:: Work request ::
Please give the entries below again exactly, omitting every picture.

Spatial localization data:
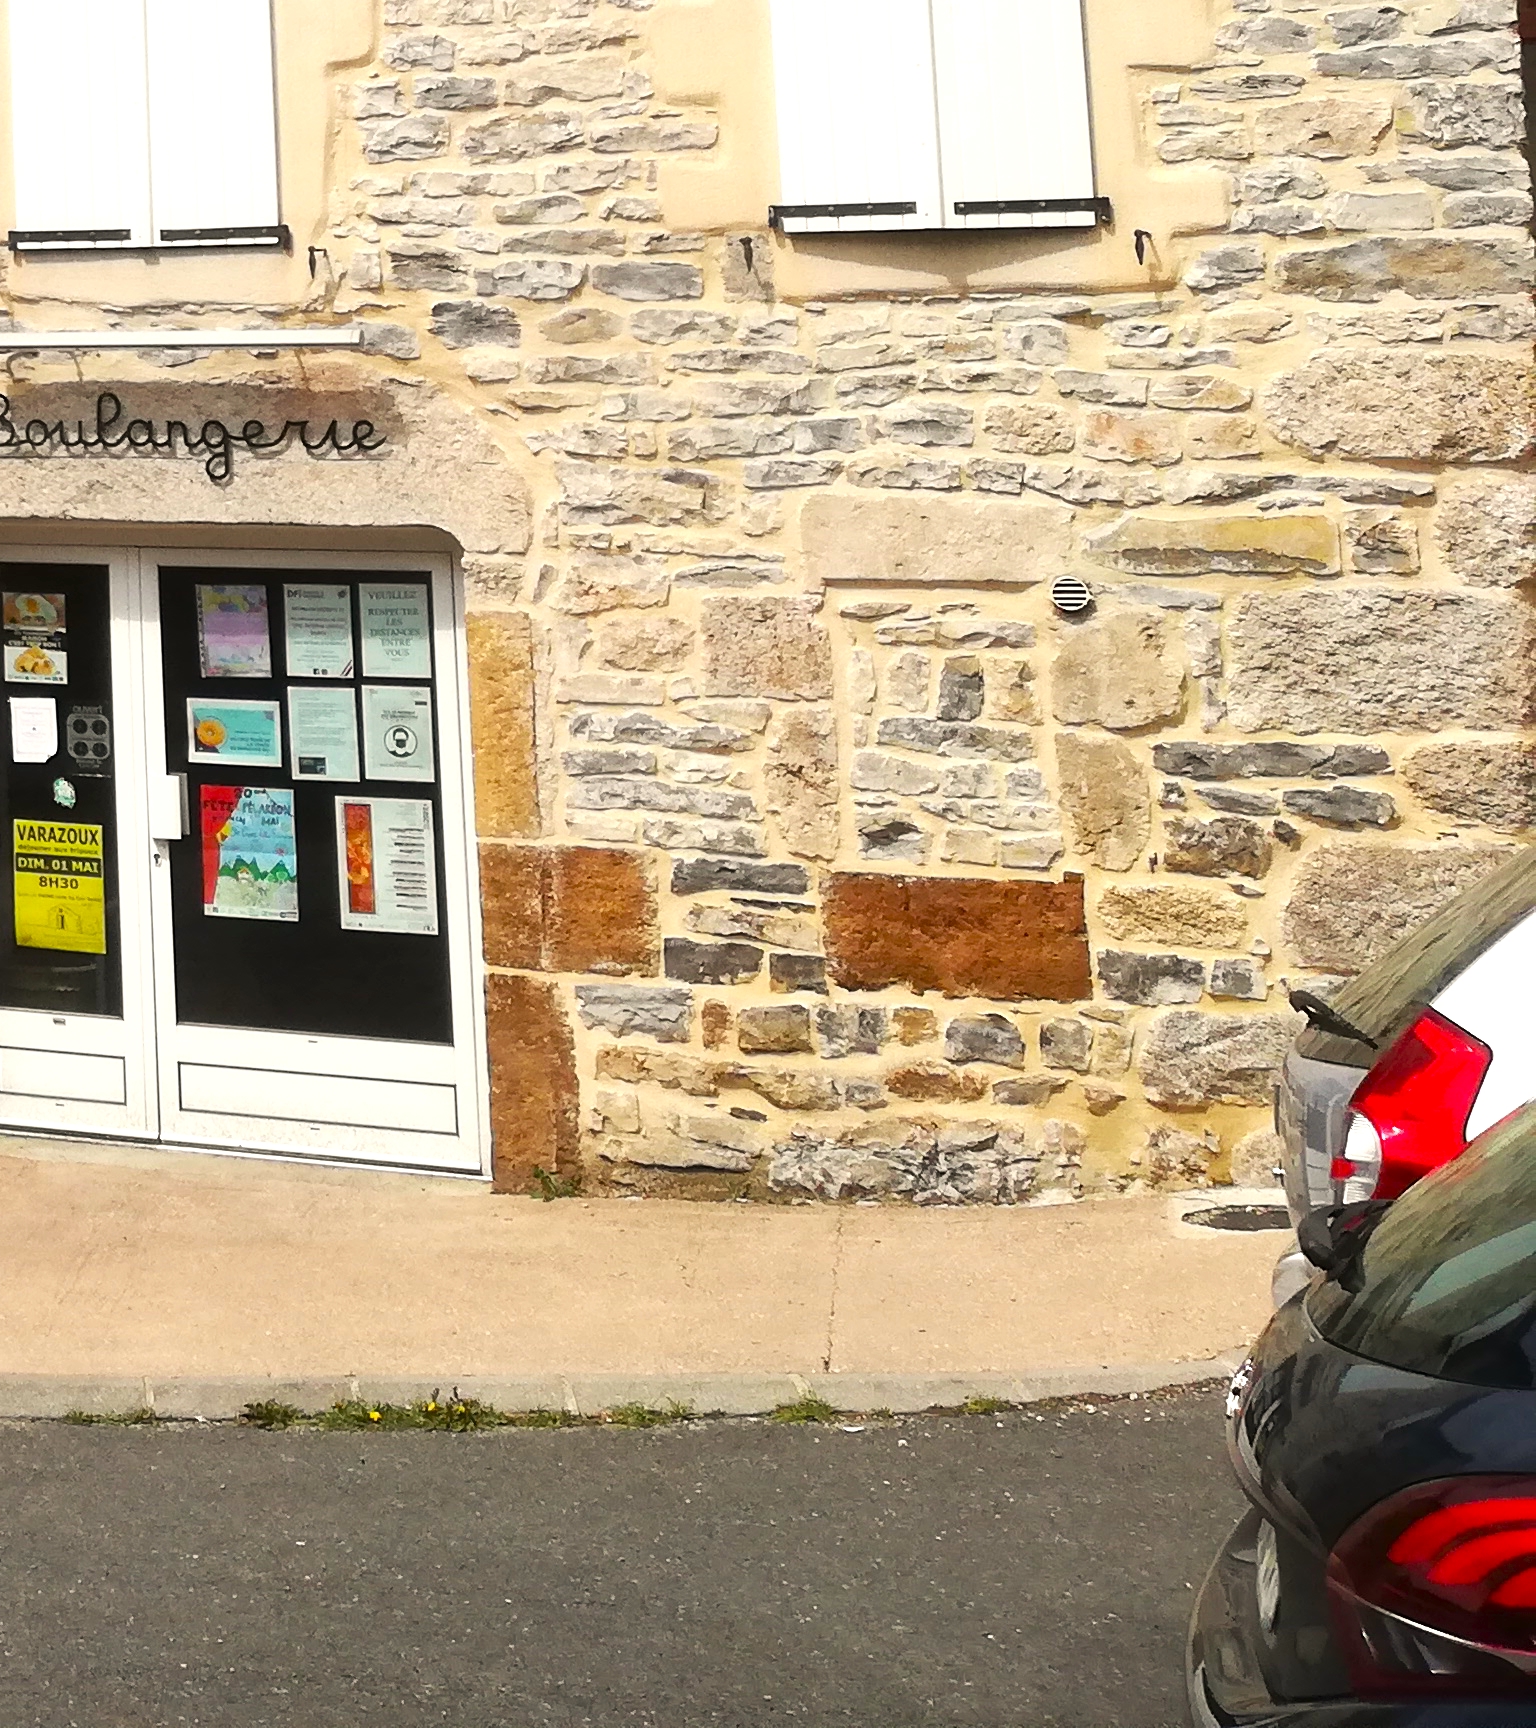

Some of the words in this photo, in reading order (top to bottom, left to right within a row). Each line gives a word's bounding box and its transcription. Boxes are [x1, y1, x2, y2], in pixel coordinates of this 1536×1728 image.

[17, 824, 99, 846] VARAZOUX
[18, 857, 49, 870] DIM.
[52, 860, 67, 871] 01
[71, 861, 98, 873] MAI
[39, 876, 78, 889] 8H30

:: Solution for this problem ::
Some of the words in this photo, in reading order (top to bottom, left to right within a row). Each line gives a word's bounding box and its transcription. Boxes are [x1, y1, x2, y2], in pixel coordinates of this 1536×1728 image.

[17, 824, 99, 846] VARAZOUX
[18, 857, 49, 870] DIM.
[52, 860, 67, 871] 01
[71, 861, 98, 873] MAI
[39, 876, 78, 889] 8H30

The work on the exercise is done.